Your company is threatened by falling profits or even losses. Your shareholders, your creditors, all analysts and the whole market expect you to do something. Of course, you have to restore profitability and what quicker way is there than to cut costs? By the way, cost cutting is much easier than developing a new growth strategy, as the large North American car manufacturers demonstrate nicely. There are plenty of consultants who are willing to help you to readjust the headcount of your workforce to the fallen figures for sales and profitability.
Don’t get me wrong. It is often necessary to reduce the number of employees, even if there is not a severe crisis. To my experience it is a common phenomenon, that successful companies tend to increase their workforce more than necessary: add a bit of support staff here and some service people there, more heads of something are allowed to have a personal assistant, marketing could need a few more people for event management and other departments like to have some specialists with a very particular area of expertise. This is all very comfortable for everybody. Nevertheless, it is advisable to cut back such ‘luxury positions’ from time to time.
Unfortunately, companies and consultants tend to overdo necessary and helpful downsizing initiatives.
- First there is what I call the lawn-mower method: For all departments and business units the number of people working there is reduced to the same degree, for instance by 10 percent.
- Another interesting approach is that external advisors, who may or may not know much about the industry and who surely don’t know much about the legacy processes and systems of the company redesign all processes to make them leaner.
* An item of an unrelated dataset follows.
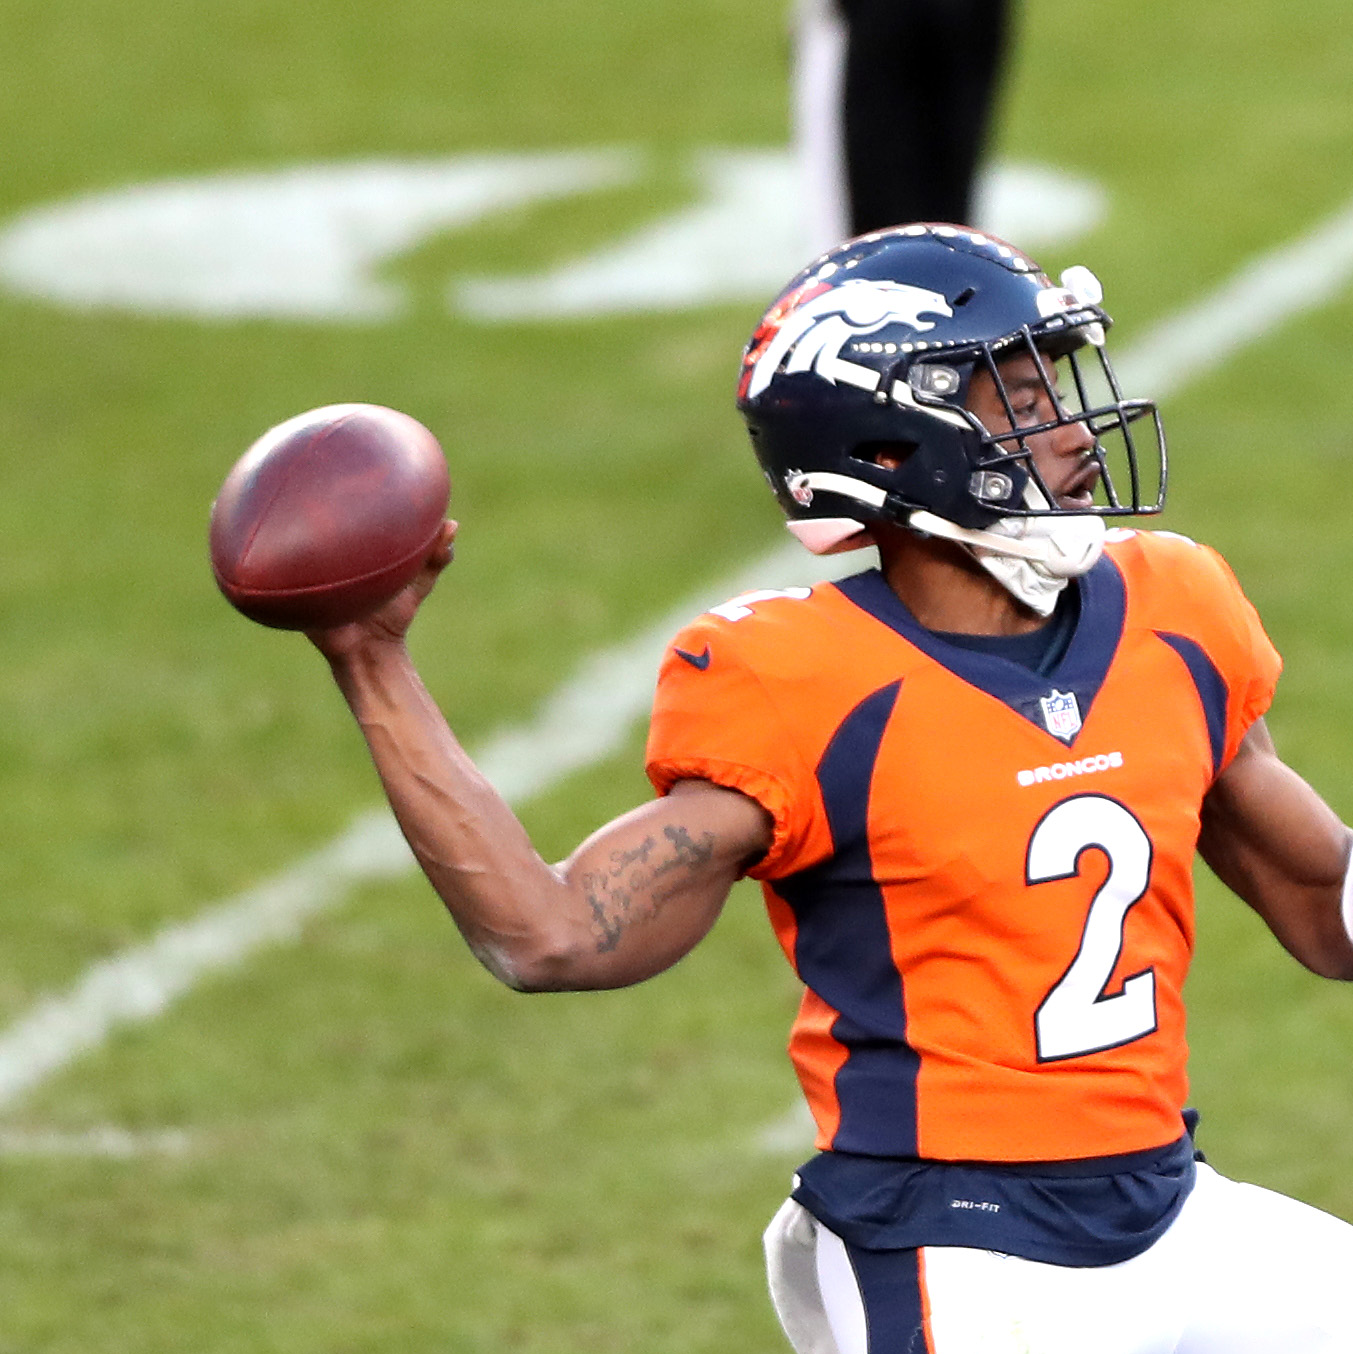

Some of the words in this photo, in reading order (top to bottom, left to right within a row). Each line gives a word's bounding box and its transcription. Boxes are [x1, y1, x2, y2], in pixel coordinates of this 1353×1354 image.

[1052, 712, 1076, 729] NFL
[1017, 751, 1123, 786] BRONCOS
[1025, 792, 1158, 1064] 2
[951, 1200, 1000, 1213] DRI-FIT
- You could also abandon particular functions at all. For instance, nobody is allowed to have a personal assistant any more. Or you abandon the service person that did the catering for all sorts of meetings and the event management. This sounds very straightforward for a results-driven consultant: you intent to reduce the catering for internal meetings anyway and the only events the company plans to organize are marketing related. Hence, the sales people could do that by themselves.
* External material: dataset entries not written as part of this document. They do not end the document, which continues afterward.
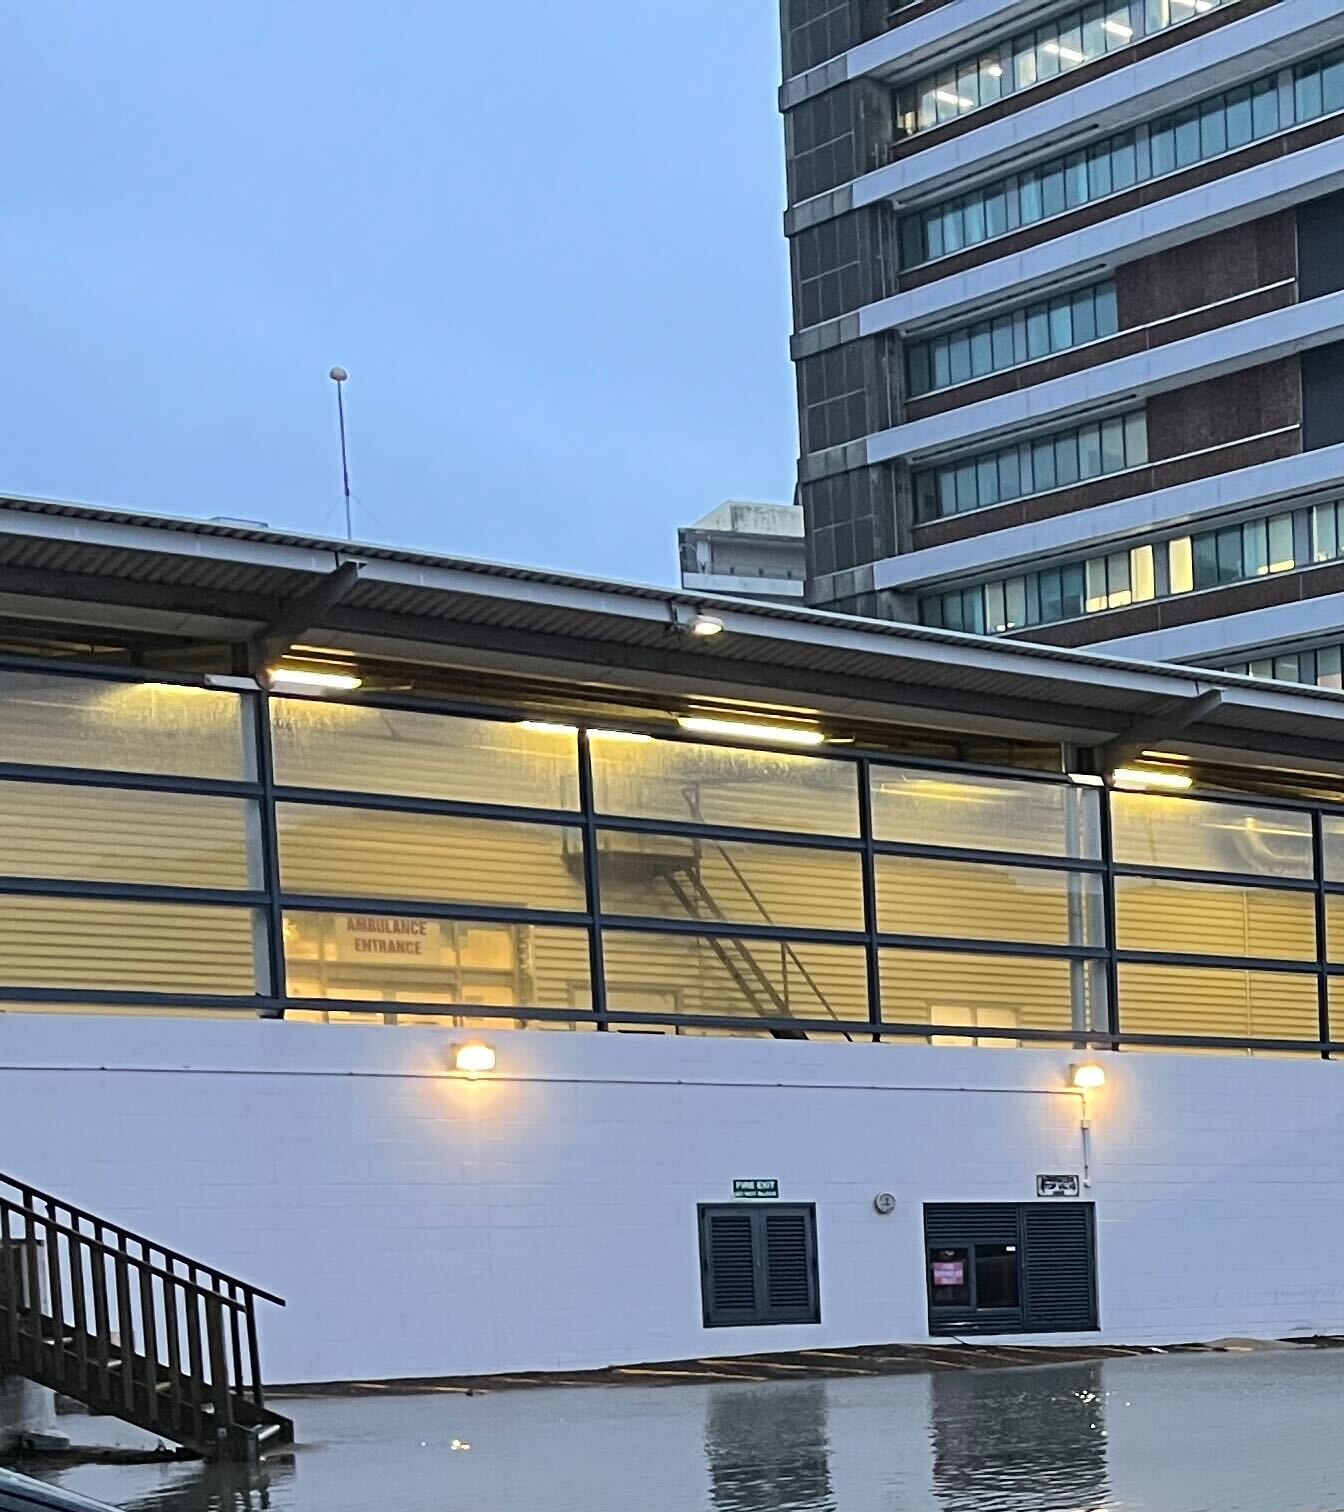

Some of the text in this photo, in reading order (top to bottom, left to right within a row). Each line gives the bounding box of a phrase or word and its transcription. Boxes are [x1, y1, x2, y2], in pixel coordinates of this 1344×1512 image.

[347, 917, 427, 935] AMBULANCE
[354, 937, 422, 955] ENTRANCE
[756, 1181, 775, 1190] EXIT
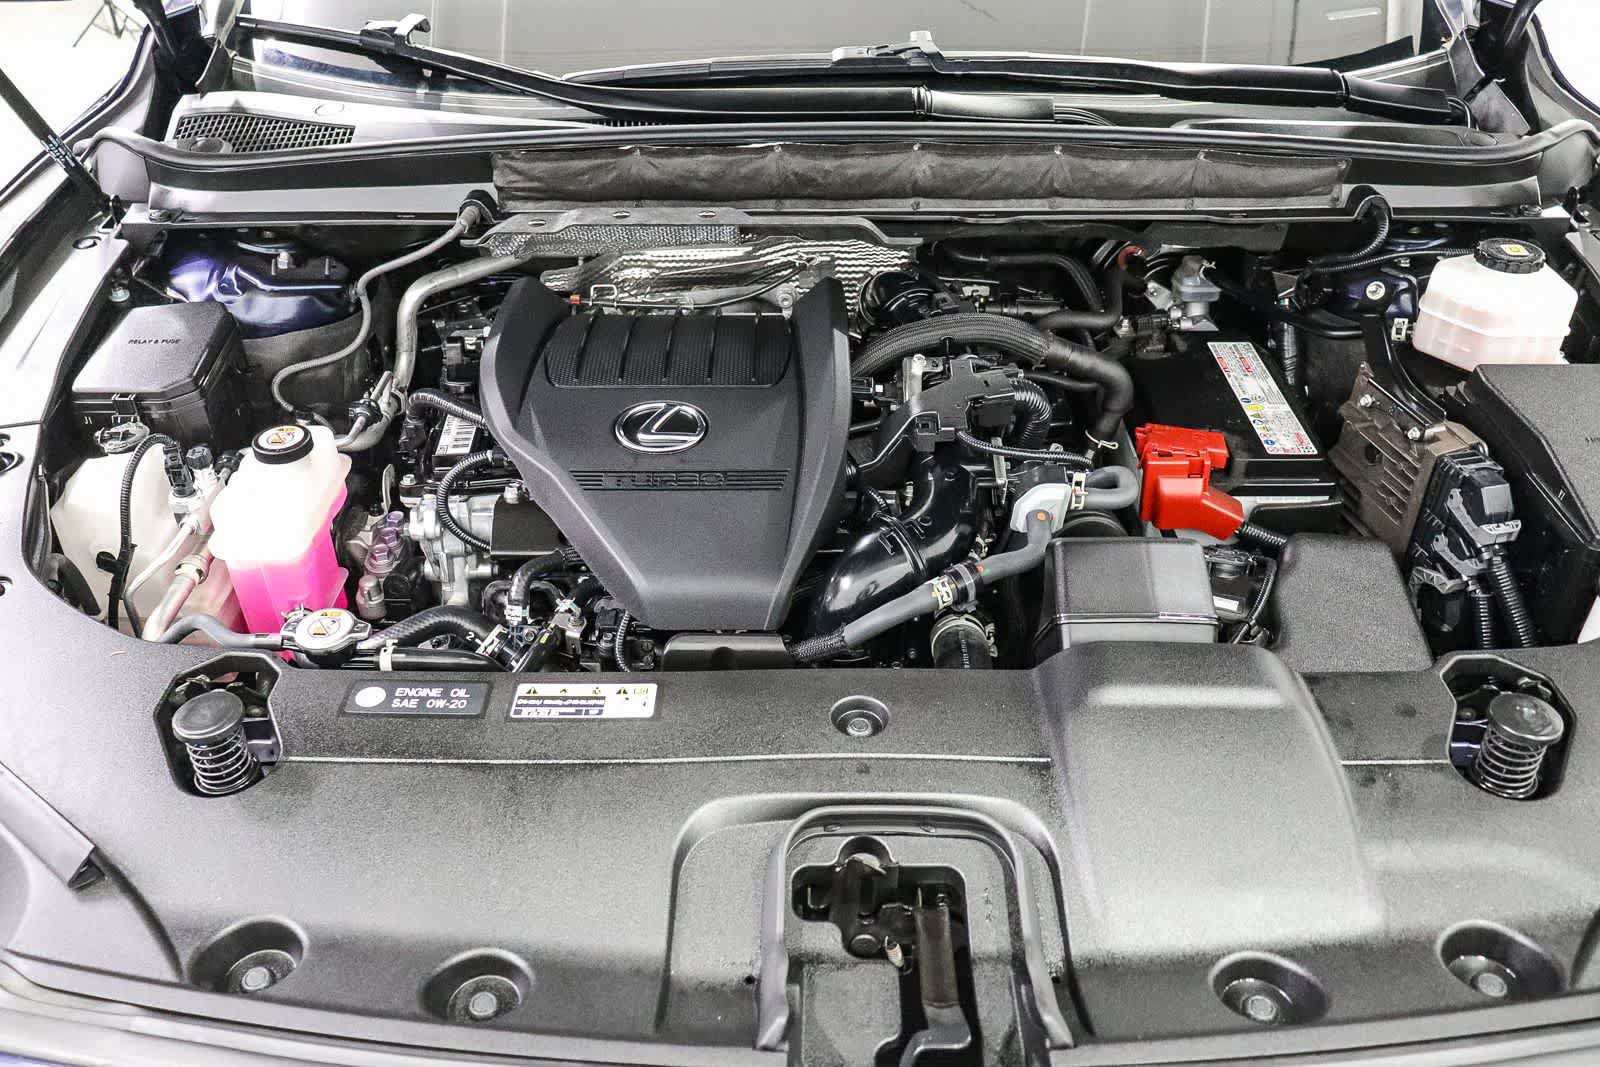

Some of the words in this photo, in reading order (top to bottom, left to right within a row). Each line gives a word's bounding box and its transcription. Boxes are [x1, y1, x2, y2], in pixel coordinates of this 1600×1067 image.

[394, 687, 443, 697] ENGINE
[450, 688, 471, 698] OIL
[391, 698, 420, 708] SAE
[426, 699, 468, 709] 0W-20
I am sure that there are even more of these very straightforward cost cutting measures. What they have in common is that they almost inevitably will have some side effects:
- Chances are good that the new processes won’t work as planned at the drawing board. Hence, as soon as the restructuring team walks out of the door, the people left behind will start to redesign the redesigned processes.
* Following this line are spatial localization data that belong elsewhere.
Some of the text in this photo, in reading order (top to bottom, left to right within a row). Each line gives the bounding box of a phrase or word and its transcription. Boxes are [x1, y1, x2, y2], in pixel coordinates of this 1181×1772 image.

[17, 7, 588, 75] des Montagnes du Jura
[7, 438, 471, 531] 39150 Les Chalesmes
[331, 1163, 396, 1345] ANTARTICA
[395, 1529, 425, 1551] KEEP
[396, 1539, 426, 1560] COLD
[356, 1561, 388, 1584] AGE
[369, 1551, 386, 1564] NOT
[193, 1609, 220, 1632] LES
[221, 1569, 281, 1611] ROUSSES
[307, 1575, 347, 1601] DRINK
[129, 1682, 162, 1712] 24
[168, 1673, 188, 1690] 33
- In some cases, departments simply will not be able to perform their tasks with the reduced number of people, no matter how hard they try. After some time they will claim their need for more staff.
- Since the people for service and assistance were made redundant, highly paid specialists have no choice but to spend their time at the photocopier and the binding machine.
- Clever departments were able to avoid such situations. They had created new positions to which they transferred their assistants. Suddenly they needed a researcher, a data analyst or something like that.
- Besides that, there will be the negative effects on the motivation of those who did not lose their jobs – as described in part one of our story.
If we take all this together, it becomes very obvious that a reduction in headcount and in personnel costs respectively in only what you see on the surface. In addition to that there probably are hidden costs and negative effects on performance levels. Hence, the objective of any downsizing initiative should always be to achieve a reasonable and sustainable level of cost and performance, not the reduce costs as much as (theoretically) possible.